Said Meyer, “We’re just a group of guys sticking together and fighting through it. Coach is fighting as well.”
In a fortuitous turn — Reinke, a religious man, considers it an answer to prayer — Phoenix alum Ryan Schuelke happened to be weighing the next step in his golf career. Schuelke was caddying at Erin Hills in the summer and in Phoenix in the winter. He had started in the PGA program but wasn’t sure that he wanted to work behind a golf shop counter, fitting clubs or giving lessons.
Something kept pulling him back to coaching. Out of the blue, he called Reinke and left a message: Any chance I could get involved with the team and help out?
“I called him right away and said, ‘Ryan, your timing is impeccable,’” Reinke said. “He has been great. He has traveled with the ladies three times, with the guys once to Drake and then Rick has filled in other times. Ryan can’t drive a van through the UW System, so we’ve got to take a bus, which is a budget-killer a little bit, but it’s working out. We’ve just got to do what we’ve got to do.”
Reinke started chemo on Aug. 22. After his first session, he felt terrible for five or six days. That was to be expected. His oncologist told him he would be miserable the first week after a treatment, but would improve by Week 2 and would feel pretty good by Week 3, when a new round would start.
“I got to end of Week 2 and beginning of Week 3 and I said to my wife, ‘Beth, something is not right. They said I’m supposed to be feeling better. I’m feeling worse,’” Reinke said. “I was like, holy crap, I’ve got to go through this six times? This is crazy.”
Back at Froedtert for Round 2 of chemo, his oncologist ran bloodwork and immediately discovered the problem. Reinke’s calcium level was dangerously high.
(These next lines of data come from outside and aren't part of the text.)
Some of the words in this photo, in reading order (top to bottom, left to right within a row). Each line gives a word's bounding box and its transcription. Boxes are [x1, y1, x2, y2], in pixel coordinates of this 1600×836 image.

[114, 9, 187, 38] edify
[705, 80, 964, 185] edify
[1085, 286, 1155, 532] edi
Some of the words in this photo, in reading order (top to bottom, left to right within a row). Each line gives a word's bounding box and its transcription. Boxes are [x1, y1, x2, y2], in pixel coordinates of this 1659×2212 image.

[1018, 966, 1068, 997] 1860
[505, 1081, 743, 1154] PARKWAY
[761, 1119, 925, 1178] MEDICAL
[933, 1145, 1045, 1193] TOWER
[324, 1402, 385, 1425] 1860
“He said, ‘You’re going to the hospital. I’m either calling an ambulance or your wife is taking you right now,’” Reinke said. “He said, ‘You’re this close to having a stroke or a seizure.’”
Doctors treated the problem with medication and Reinke was released from the hospital three days later feeling like a human being again.
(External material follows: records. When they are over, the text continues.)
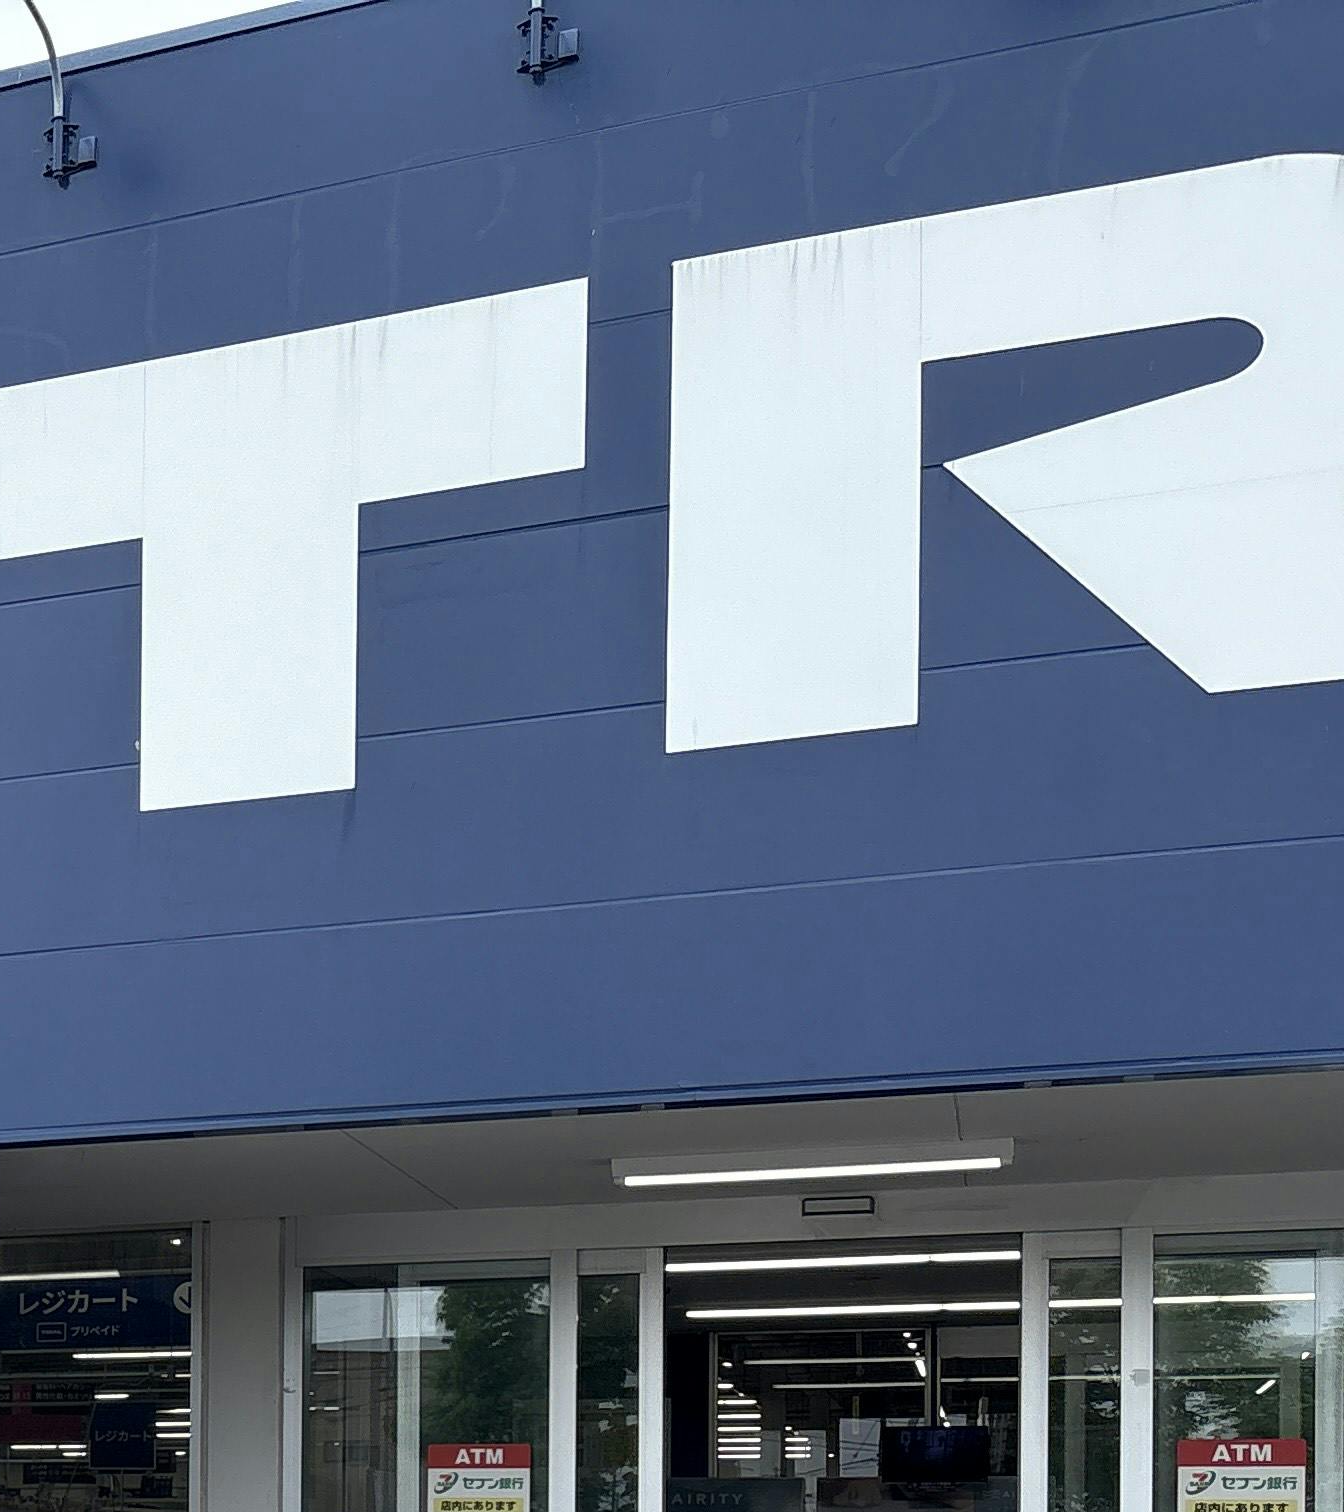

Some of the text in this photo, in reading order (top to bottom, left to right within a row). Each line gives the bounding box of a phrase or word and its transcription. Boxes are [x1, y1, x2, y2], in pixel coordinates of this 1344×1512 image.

[18, 1287, 138, 1315] レジカート
[70, 1325, 120, 1337] プリペイド
[95, 1430, 152, 1442] レジカート
[454, 1448, 504, 1465] ATM
[1212, 1443, 1272, 1462] ATM
[462, 1477, 524, 1490] セブン銀行
[1221, 1476, 1298, 1490] セブン銀行
[440, 1500, 516, 1511] 店内にあります
“It was amazing,” he said. “As this (calcium) number came down, every eight hours I was feeling better and better. I’m very grateful. I said a lot of prayers. After that first chemo, I was just in a fog. I can’t even describe the feeling. I was just sick.
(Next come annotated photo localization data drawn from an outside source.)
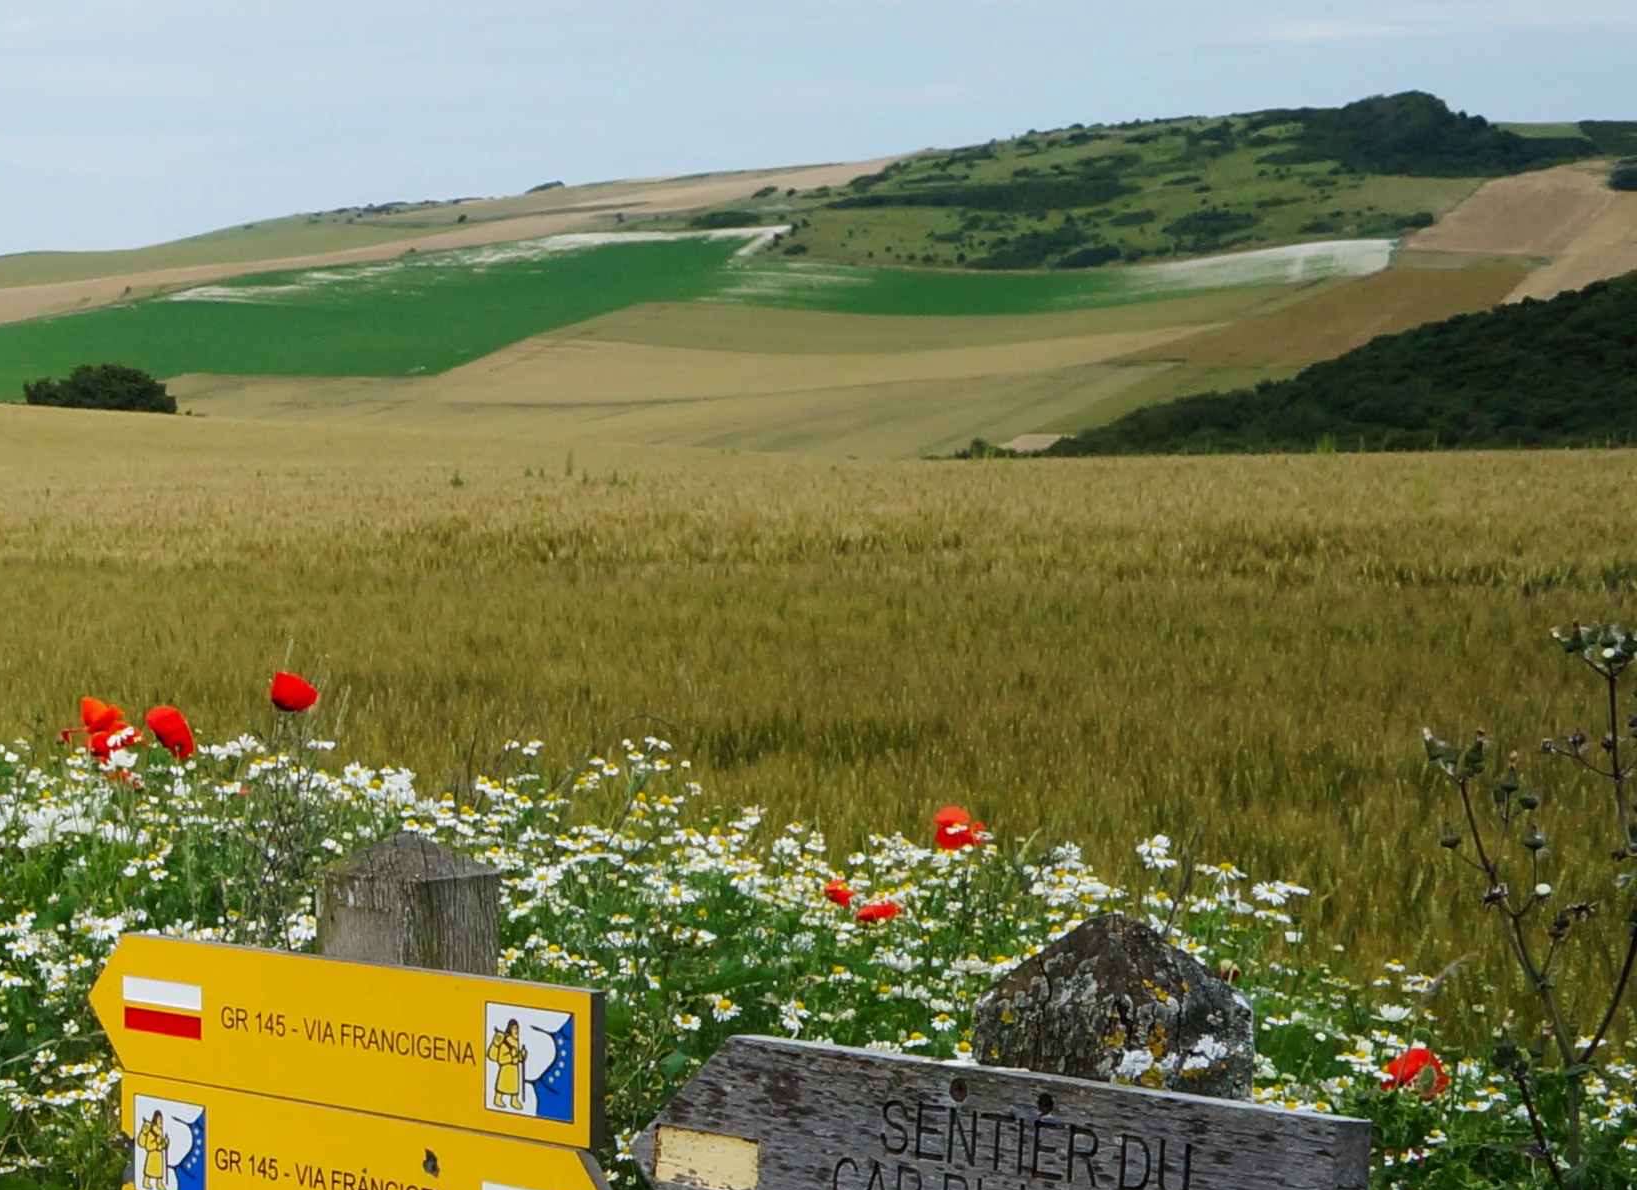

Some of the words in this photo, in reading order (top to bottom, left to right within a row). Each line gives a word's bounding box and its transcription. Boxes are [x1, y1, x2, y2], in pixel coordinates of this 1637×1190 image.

[220, 1005, 249, 1033] GR
[255, 1011, 286, 1037] 145
[302, 1017, 336, 1045] VIA
[340, 1023, 477, 1067] FRANCIGENA
[214, 1147, 242, 1174] GR
[248, 1154, 279, 1181] 145
[294, 1162, 327, 1190] VIA
[879, 1100, 1100, 1189] SENTIER
“I said, ‘Lord if you want to take me, I’m ready.’ I know a lot of people are worse off than me, but when it’s you … you know, it’s not good. I prayed, ‘If you don’t want me, just give me a day where I feel good.’ And all of a sudden, I got one. Then I got two. Then I got three.”
That’s why Reinke, sitting at a table in the sun outside the clubhouse at University Ridge last week, wasn’t disconsolate about his team’s showing in the Badger Invite. There will be more tournaments and, certainly, better results.
He’s grateful — there’s that word again — that he was able to make the 2½-hour drive from Green Bay to Madison. He knows that longer road trips are still out of the question.
“We understand it’s tough for him and we’re all supporting him,” said freshman Mason Haupt. “He wants to be with us so bad. We’re just consistently sending texts back and forth. I know he appreciates it. We’re there for him, whatever he needs.”
Reinke fought back tears as he described how everyone in the UWGB community has rallied around him.
“The team has been great,” he said. “Ryan has been a godsend. It’s been absolutely unbelievable how things happened. The school has been awesome. The athletic director, Josh Moon, has been great. My sports administrator, Alan Savage, awesome. Even the chancellor reached out to me. Everyone is so supportive.”
Reinke goes in for his third round of chemo on Oct. 10. He’s ready.
“I’m going to continue to get better and I’m going to beat this thing,” he said. “It picked the wrong guy. I’m going to get after it and we’re going to beat this. Stay positive and keep plugging away.”